GeRT - Generalizing Robot Manipulation Tasks
About this project
In order to work naturally in human environments such as offices and homes, robots of the future will need to be much more flexible and robust in the face of novelty than those of today. Currently the most advanced robots can perform a task such as making a drink, which involves grasping, pouring, and twisting off a cap from a jar. But the rules for how to pick up every single object must be programmed. So the ability to manipulate fifty different objects means writing fifty different programs. Even worse than this is the fact that if one object in a task changes then the program for the whole task may need to be rewritten.

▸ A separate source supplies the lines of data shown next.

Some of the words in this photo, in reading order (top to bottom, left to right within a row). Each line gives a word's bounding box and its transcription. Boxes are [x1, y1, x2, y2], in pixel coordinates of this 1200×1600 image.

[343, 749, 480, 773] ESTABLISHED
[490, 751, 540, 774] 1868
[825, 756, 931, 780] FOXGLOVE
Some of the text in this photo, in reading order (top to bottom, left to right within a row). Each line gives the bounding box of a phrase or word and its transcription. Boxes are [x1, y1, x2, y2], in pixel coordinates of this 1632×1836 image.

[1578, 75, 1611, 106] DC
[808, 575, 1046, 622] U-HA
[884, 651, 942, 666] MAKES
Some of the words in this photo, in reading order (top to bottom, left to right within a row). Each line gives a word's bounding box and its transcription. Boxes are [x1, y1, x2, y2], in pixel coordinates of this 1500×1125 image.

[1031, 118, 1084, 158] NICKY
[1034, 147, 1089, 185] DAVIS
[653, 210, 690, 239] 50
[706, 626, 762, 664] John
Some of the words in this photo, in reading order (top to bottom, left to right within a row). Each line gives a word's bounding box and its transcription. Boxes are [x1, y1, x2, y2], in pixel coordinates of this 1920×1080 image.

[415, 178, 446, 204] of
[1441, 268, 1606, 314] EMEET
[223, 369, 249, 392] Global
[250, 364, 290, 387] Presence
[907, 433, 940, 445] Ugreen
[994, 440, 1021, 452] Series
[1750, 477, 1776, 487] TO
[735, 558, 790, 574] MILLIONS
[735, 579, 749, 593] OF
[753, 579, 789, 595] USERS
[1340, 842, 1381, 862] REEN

In GeRT we will develop new methods to cope with novelty in manipulation tasks. Our approach is to take a small set of existing robot programs, for a certain robot manipulation task, such as serving a drink and to give the robot the ability to adapt them to a novel version of the task. These programs constitute a database of prototypes representing that class of task. When confronted with a novel instance of the same task the robot needs to establishing appropriate correspondences between objects and actions in the prototypes and their counterparts in the novel scenario. In this way the robot can solve a task that is physically substantially different but similar at an abstract level. The project´s results will be demonstrated on the DLR platform Justin.
The main role of the AASS Cognitive Robotic Systems Lab is to develop hybrid planning techniques able to: (1) generalising the high-level behaviour in the robot programs, and (2) generating new high-level behaviours for novel but analog tasks.
GeRT is a EU FP7 STREP project. The overall budget is about 3,700,000 EUR. The share of Orebro University is about 670,000 EUR.